**Exercise**
Transcribe all of the listing below in full.

== Segment start ==

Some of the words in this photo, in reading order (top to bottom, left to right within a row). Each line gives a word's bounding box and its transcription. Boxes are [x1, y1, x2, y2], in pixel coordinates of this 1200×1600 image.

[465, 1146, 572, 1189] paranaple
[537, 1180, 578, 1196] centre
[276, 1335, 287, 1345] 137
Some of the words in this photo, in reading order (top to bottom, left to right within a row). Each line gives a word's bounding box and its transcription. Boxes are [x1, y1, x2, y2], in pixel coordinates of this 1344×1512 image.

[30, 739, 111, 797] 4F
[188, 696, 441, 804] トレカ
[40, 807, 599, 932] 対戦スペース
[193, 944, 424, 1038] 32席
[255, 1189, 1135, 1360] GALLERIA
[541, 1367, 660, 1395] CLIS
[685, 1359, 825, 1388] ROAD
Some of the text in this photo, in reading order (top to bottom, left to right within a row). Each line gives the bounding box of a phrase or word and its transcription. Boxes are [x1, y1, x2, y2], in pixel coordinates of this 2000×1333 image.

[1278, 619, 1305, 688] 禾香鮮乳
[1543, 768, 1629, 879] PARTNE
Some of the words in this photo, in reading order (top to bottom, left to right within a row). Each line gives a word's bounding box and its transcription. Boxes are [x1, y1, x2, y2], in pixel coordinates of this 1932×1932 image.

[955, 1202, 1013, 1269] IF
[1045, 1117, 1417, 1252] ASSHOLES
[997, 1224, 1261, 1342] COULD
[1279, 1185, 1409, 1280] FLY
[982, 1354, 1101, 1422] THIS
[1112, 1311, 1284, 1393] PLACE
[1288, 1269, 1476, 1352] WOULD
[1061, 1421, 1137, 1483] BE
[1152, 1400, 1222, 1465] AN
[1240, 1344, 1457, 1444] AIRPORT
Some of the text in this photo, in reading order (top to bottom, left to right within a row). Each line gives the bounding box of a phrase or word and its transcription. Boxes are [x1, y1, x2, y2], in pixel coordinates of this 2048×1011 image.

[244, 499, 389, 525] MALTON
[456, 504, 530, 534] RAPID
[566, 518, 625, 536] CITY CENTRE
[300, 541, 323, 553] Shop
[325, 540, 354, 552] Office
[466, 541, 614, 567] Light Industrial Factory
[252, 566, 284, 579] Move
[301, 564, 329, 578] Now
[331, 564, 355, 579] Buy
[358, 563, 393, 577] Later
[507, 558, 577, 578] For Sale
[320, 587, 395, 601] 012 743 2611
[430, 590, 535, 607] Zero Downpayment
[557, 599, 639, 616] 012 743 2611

== Segment end ==

**Output below**
Some of the words in this photo, in reading order (top to bottom, left to right within a row). Each line gives a word's bounding box and its transcription. Boxes are [x1, y1, x2, y2], in pixel coordinates of this 1200×1600 image.

[465, 1146, 572, 1189] paranaple
[537, 1180, 578, 1196] centre
[276, 1335, 287, 1345] 137
Some of the words in this photo, in reading order (top to bottom, left to right within a row). Each line gives a word's bounding box and its transcription. Boxes are [x1, y1, x2, y2], in pixel coordinates of this 1344×1512 image.

[30, 739, 111, 797] 4F
[188, 696, 441, 804] トレカ
[40, 807, 599, 932] 対戦スペース
[193, 944, 424, 1038] 32席
[255, 1189, 1135, 1360] GALLERIA
[541, 1367, 660, 1395] CLIS
[685, 1359, 825, 1388] ROAD
Some of the text in this photo, in reading order (top to bottom, left to right within a row). Each line gives the bounding box of a phrase or word and its transcription. Boxes are [x1, y1, x2, y2], in pixel coordinates of this 2000×1333 image.

[1278, 619, 1305, 688] 禾香鮮乳
[1543, 768, 1629, 879] PARTNE
Some of the words in this photo, in reading order (top to bottom, left to right within a row). Each line gives a word's bounding box and its transcription. Boxes are [x1, y1, x2, y2], in pixel coordinates of this 1932×1932 image.

[955, 1202, 1013, 1269] IF
[1045, 1117, 1417, 1252] ASSHOLES
[997, 1224, 1261, 1342] COULD
[1279, 1185, 1409, 1280] FLY
[982, 1354, 1101, 1422] THIS
[1112, 1311, 1284, 1393] PLACE
[1288, 1269, 1476, 1352] WOULD
[1061, 1421, 1137, 1483] BE
[1152, 1400, 1222, 1465] AN
[1240, 1344, 1457, 1444] AIRPORT
Some of the text in this photo, in reading order (top to bottom, left to right within a row). Each line gives the bounding box of a phrase or word and its transcription. Boxes are [x1, y1, x2, y2], in pixel coordinates of this 2048×1011 image.

[244, 499, 389, 525] MALTON
[456, 504, 530, 534] RAPID
[566, 518, 625, 536] CITY CENTRE
[300, 541, 323, 553] Shop
[325, 540, 354, 552] Office
[466, 541, 614, 567] Light Industrial Factory
[252, 566, 284, 579] Move
[301, 564, 329, 578] Now
[331, 564, 355, 579] Buy
[358, 563, 393, 577] Later
[507, 558, 577, 578] For Sale
[320, 587, 395, 601] 012 743 2611
[430, 590, 535, 607] Zero Downpayment
[557, 599, 639, 616] 012 743 2611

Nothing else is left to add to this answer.